Nach einigen Monaten im russischen Gefängnis: German Moyzhes genießt seine wiedergewonnene Freiheit in Deutschland. Foto: Rolf Walter

Herr Moyzhes, Sie lebten überwiegend in Sankt Petersburg, hatten aber auch einen Wohnsitz in Köln. Ende Mai wurden Sie in Russland verhaftet und in das berüchtigte Lefortowo-Gefängnis in Moskau gebracht. Im August waren Sie Teil des wohl größten Gefangenenaustauschs seit Ende des Kalten Krieges und kamen nach Deutschland zurück. Wie oft haben Sie Ihre Inhaftierung durchlebt?
Die Erinnerung kommt zwar immer wieder hoch, aber ich habe professionelle Hilfe in Anspruch genommen. Eine Traumatherapie hat das ganz gut abfedern können. Und im Moment habe ich nicht den Eindruck, dass mich das Erlebte langfristig verfolgen wird.

Welche Gedanken sind Ihnen durch den Kopf gegangen, als die Polizei Sie verhaftet hat? Sie waren an dem Tag mit dem Fahrrad unterwegs.
Ich war gerade abgestiegen. Und dann habe ich auf einmal eine Gruppe von Männern gesehen, und schon saß ich im Auto. Das ging sehr schnell. Da wurde mir schon klar, was mir blüht. Die Polizisten trugen mir die Anschuldigungen vor – Hochverrat. Das Strafmaß: zwischen zwölf Jahren und lebenslänglich.

Das muss ein Schock für Sie gewesen sein.
Ja, das war hart. Doch es ist deren Strategie, erst einmal einen Menschen richtig unter Druck zu setzen, damit er zu allem Ja sagt und bereitwillig Informationen liefert.

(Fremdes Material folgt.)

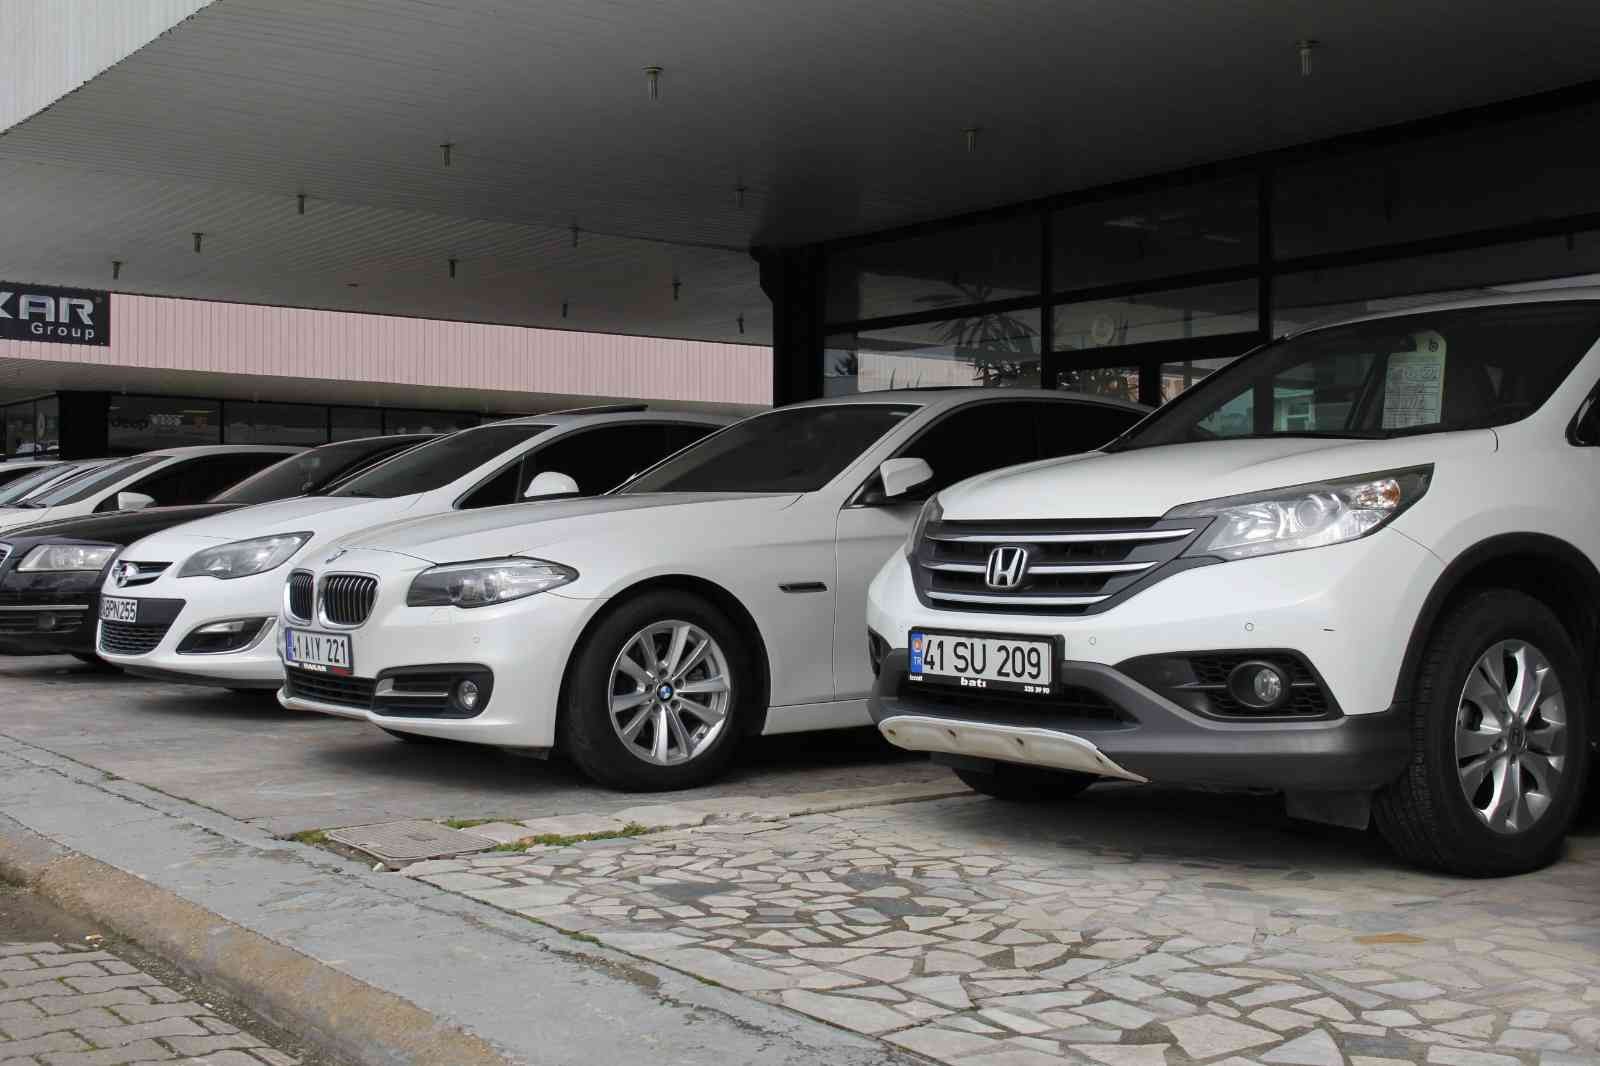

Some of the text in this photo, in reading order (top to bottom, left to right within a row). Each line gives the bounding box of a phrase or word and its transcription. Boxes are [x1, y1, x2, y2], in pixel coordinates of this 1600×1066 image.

Was hat der Ermittlungsrichter zu Ihnen gesagt?
Dass ich erst einmal nicht an das höchste Strafmaß denken soll. Das sei unrealistisch. Ich solle mich an der Untergrenze orientieren. Das waren zwölf Jahre – auch nicht gerade wenig. Sie haben versucht, mich ein bisschen damit zu ködern, aber auch zu beruhigen, weil das Profis sind. Die wollen ja nicht, dass sich die Menschen etwas antun.

Sie kamen als Kind mit Ihrer Mutter aus Sankt Petersburg nach Köln und besitzen die russische sowie die deutsche Staatsangehörigkeit. Zudem sind Sie Mitglied der Synagogengemeinde Köln und haben eine Torarolle für die Gemeinde in Baden-Baden gespendet.
Das ist meine zweite Heimat. Ich bin zwar sehr verbunden mit den Orten, an denen ich zu Hause bin. Das sind Sankt Petersburg und Köln. Aber ich komme immer wieder gern woanders hin. Deswegen ist Berlin mittlerweile zur dritten Gemeinde für mich geworden, meine zweite Gemeinde in Deutschland ist Baden-Baden. Da war ich sehr oft aus beruflichen Gründen und habe mich dort mit dem Rabbiner und den Mitarbeitern sehr angefreundet.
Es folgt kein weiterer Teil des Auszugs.